Not sure what he meant by that, I opted not to question him any further, not right then. He changed when talking about that other side of himself. I could tell he accepted the wolf, or was simply resigned to it, but he still feared the animal, still didn’t want to talk about it. I couldn’t help but think that was because of his father. Dace had been taught to fear himself by someone who should have taught him to embrace the amazing person he would grow up to be.
“Do you think I’m a shifter?” I asked.
“If you were, you’d know. I think you’re just familiar. Maybe we’re soul mates like you thought at one point.”
I barely contained the urge to groan at that. I’d known when he brought that possibility up in the woods that he’d heard my thoughts on the subject.
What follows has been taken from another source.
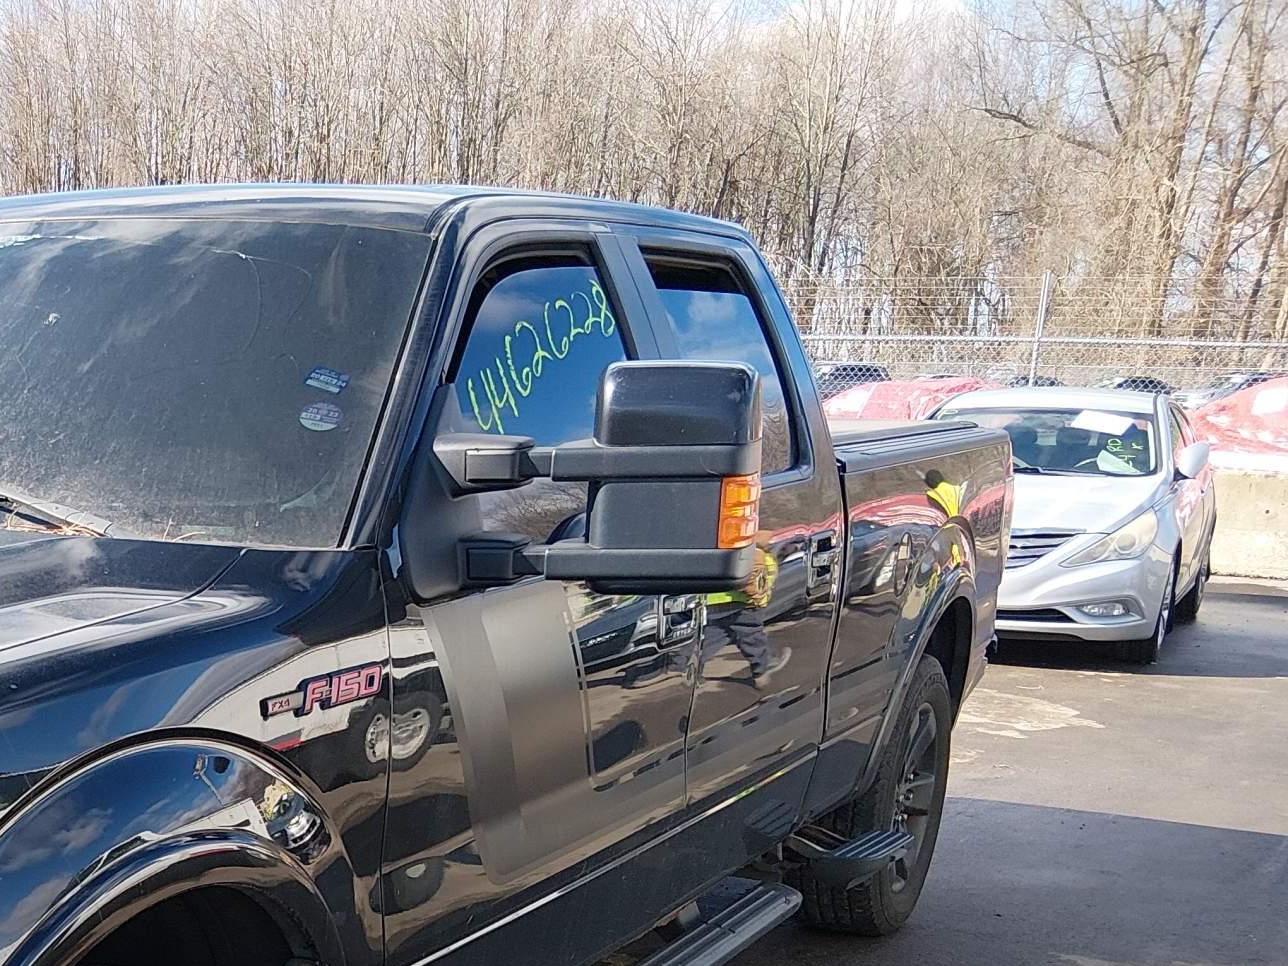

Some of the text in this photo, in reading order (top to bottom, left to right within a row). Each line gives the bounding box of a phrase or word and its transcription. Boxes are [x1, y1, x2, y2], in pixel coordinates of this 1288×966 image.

[468, 279, 616, 435] 44626228
[270, 697, 291, 712] FX4
[303, 665, 383, 714] F-150
Funny thing though, the theory sounded a whole lot less ridiculous now than it had when I’d first considered the subject.
“Maybe one of your ancestors possessed the ability,” he continued. “Maybe you had the potential in another life. Maybe the wolf simp
ly projected what he wanted and wires crossed in there somewhere. There are a lot of possibilities for what happened tonight.”
“How would I know if I was a shifter?”
“You’d have felt the animal in there from the day you were born. Most don’t change until puberty, but you’d have always known the animal existed.”
“Oh.” I mulled that over, and like so much else, decided it didn’t matter. Whatever had wanted to rip out Ronan’s throat was gone now. Maybe the feeling had been nothing more than crossed wires and the wolf’s desires projected onto me. I didn’t believe that, but I couldn’t do anything about it either. Like so much else in my life, I couldn’t change the situation, fix it, or make the problem go away. My life was what it was, and I had to learn to deal with that.
“Where do we go from here?”
Dace sighed, his breath stirring little hairs near my ear. “Where do you want to go from here?”
“I don’t know,” I said. I wanted slow and easy, but I doubted we had that option, and I didn’t know where that left us or what it left. Friends seemed too little. Boyfriend seemed too fast.
“Dating,” Dace said carefully, and I knew he’d heard my thoughts.
Dating. Not just friends, but not quite boyfriend and girlfriend either. I nodded in slow agreement. “Dating,” I repeated.
Dace drove me home with dawn breaking on the horizon. He kissed me on the forehead at the front door before turning and jogging back to his Jeep.
I stumbled upstairs then crawled into bed, too exhausted to do anything more than kick off my shoes. My eyes closed the instant my head hit the pillow, and I was out.
I awoke at nearly eleven, feeling better than I’d felt at any time since opening the door to the officer who told me about Mom. I think I may have felt better than I’d ever felt in my life. Given the past twenty-four hours, and my impending sense of doom, I’m not sure what made me feel that way. A simple conscious decision, maybe?